ITHACA, N.Y.—The minimum wage in New York State will rise to $13.20 per hour outside of New York City, affirmed by a new employment report published by the state government on Sept. 27. Additionally, large fast-food firms statewide will maintain the minimum wage established at $15.00, which started for them in July.
You can read the report for yourself at the bottom of this page.
The changes will take effect on Dec. 31, 2021. Upstate minimum wage is climbing to $13.20 from $12.50 per hour, a rise of about 5.6 percent. The state is undergoing a minimum wage phase-in period that includes yearly increases until the minimum wage reaches $15 per hour statewide. According to a study by MIT, an actual “living wage” in America should be about $16.54 an hour, meaning even at the end of the increase schedule New York will fall short.
Though that has already happened in New York City, upstate workers have lagged behind so far, enduring lower yearly increases. At the current rate (which is about a 70 cents increase per hour every year), the minimum wage would reach $15 per hour in upstate starting on Dec. 31, 2024, though it would actually be slightly over $15 per hour at that point if the current trend is maintained.

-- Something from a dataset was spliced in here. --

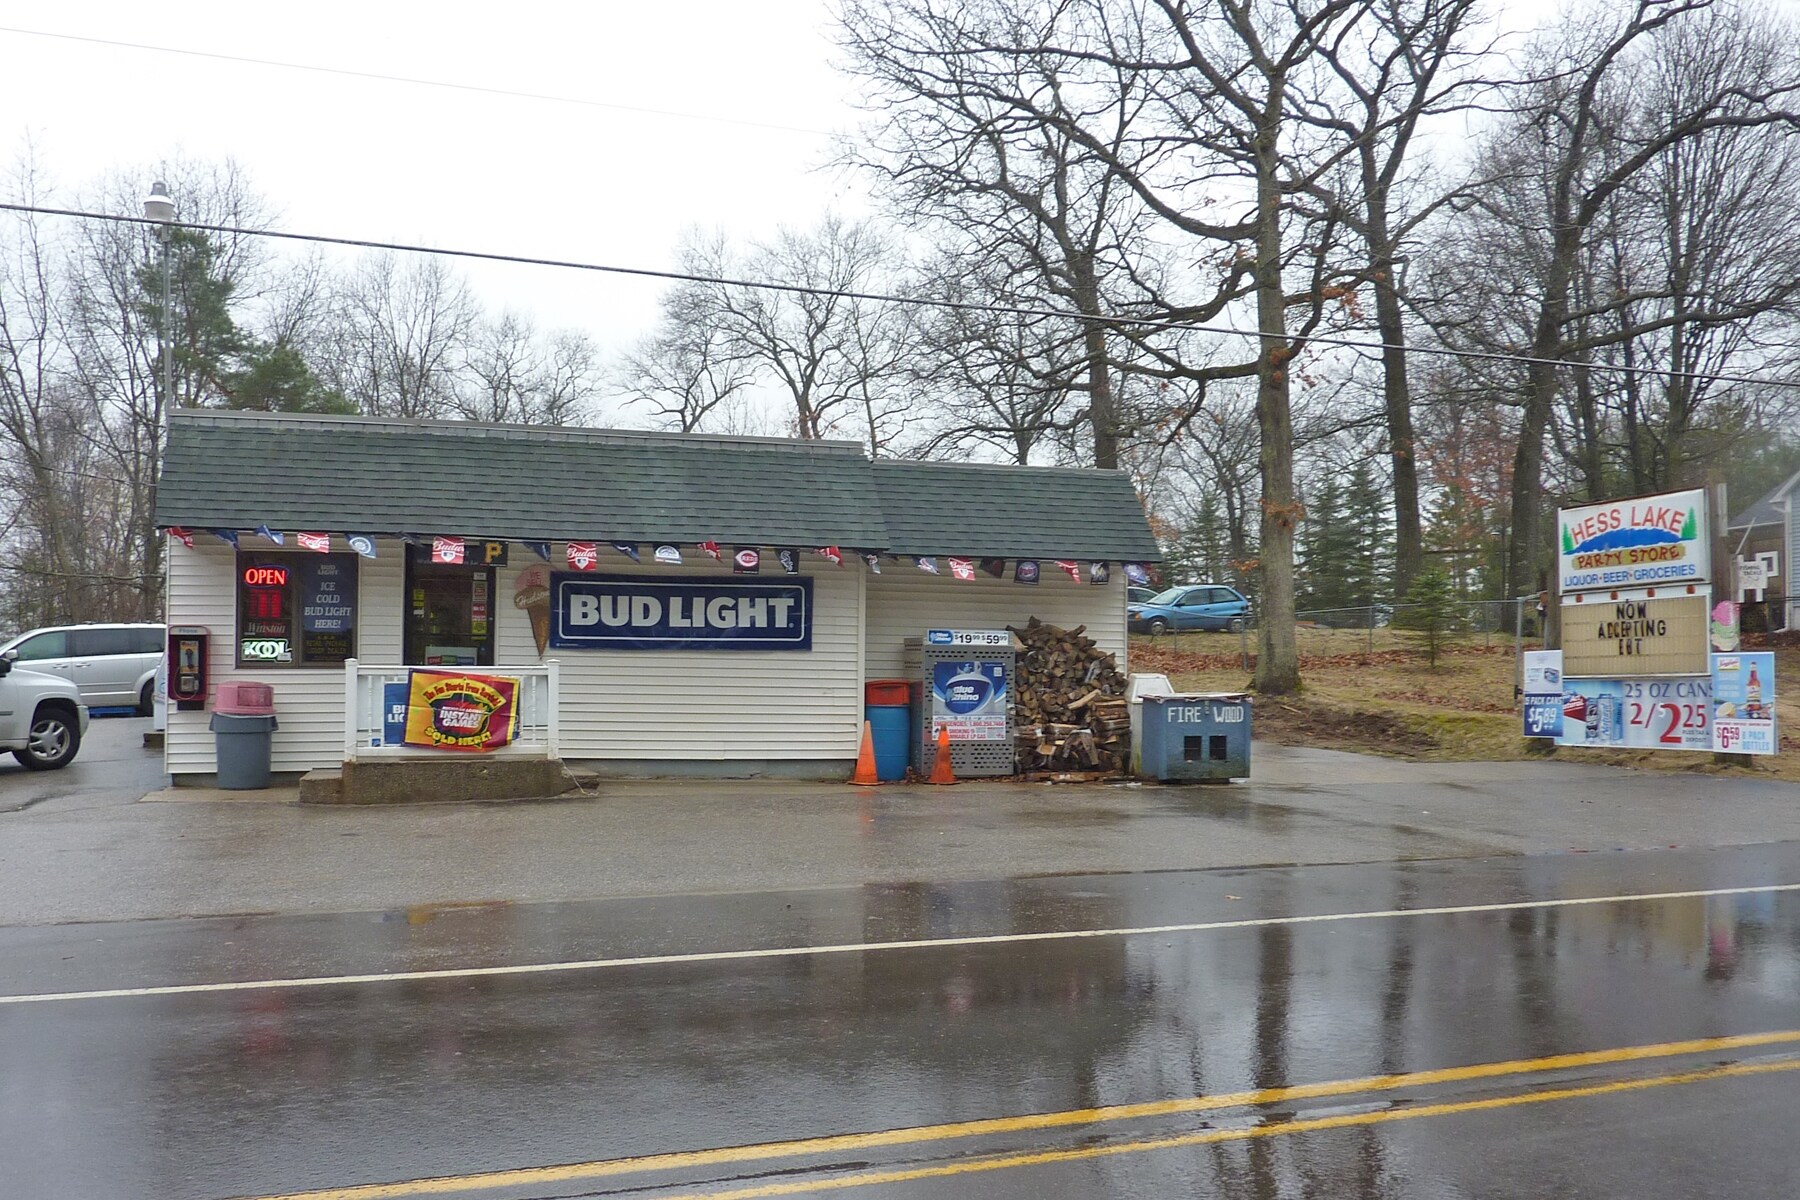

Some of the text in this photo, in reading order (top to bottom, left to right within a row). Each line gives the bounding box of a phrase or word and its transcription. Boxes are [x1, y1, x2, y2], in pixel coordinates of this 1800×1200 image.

In total, the report recommends that the minimum wage in Nassau, Suffolk and Westchester Counties should rise to $15.00 in 2022, as well as the rise to $13.20 for all other places in New York. The $13.20 figure was determined by “the sum of the annual growth rates for the Consumer Price Index for all Urban Wage Earners and Clerical Workers and labor productivity, as defined by real output per hour of all persons in the non-farm business sector.”
“The Path to $15 for Upstate” is another focus of the report, basically stating the case for why a $15 per hour minimum wage is justified and explaining that wage increases have slowed to a crawl even while productivity and prices have steadily risen.
“Between 1947 and 1968, the federal minimum wage, which initially ‘was applicable generally to employees engaged in interstate commerce or in the production of goods for instate commerce,’ grew from $0.40 to $1.60, an increase of 300 percent and more than double the combined growth of consumer prices and labor productivity,” the report claims. “But between 1968 and 2020, that combined growth totaled 780 percent, while the minimum wage has only risen 353 percent.”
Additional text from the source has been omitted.